ASSIGNED TASK
A verbatim printing of the entries that follow is needed; pictures must not appear in it.

○ ○ ○ ○

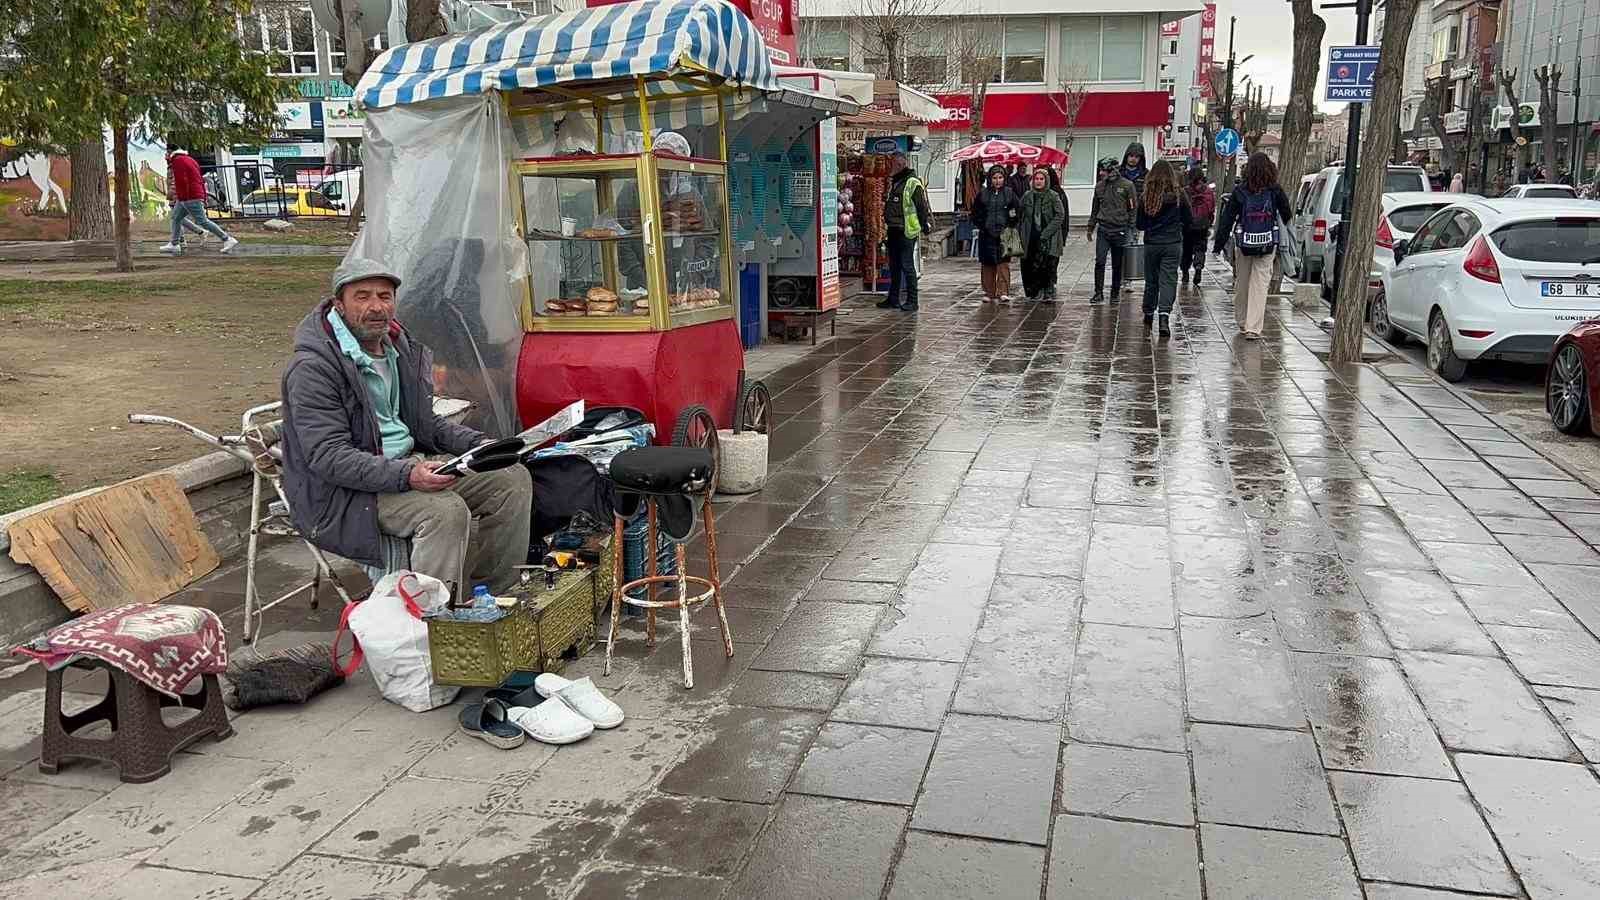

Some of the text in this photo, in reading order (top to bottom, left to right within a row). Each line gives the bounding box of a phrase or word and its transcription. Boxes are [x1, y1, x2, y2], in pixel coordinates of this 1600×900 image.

[1201, 27, 1215, 75] MHP
[1332, 88, 1372, 97] PARK YE
[1549, 284, 1563, 295] 68
[1576, 284, 1589, 295] HK

○ ○ ○ ○

ANSWER TO THIS TASK
Some of the text in this photo, in reading order (top to bottom, left to right within a row). Each line gives the bounding box of a phrase or word and its transcription. Boxes are [x1, y1, x2, y2], in pixel coordinates of this 1600×900 image.

[1201, 27, 1215, 75] MHP
[1332, 88, 1372, 97] PARK YE
[1549, 284, 1563, 295] 68
[1576, 284, 1589, 295] HK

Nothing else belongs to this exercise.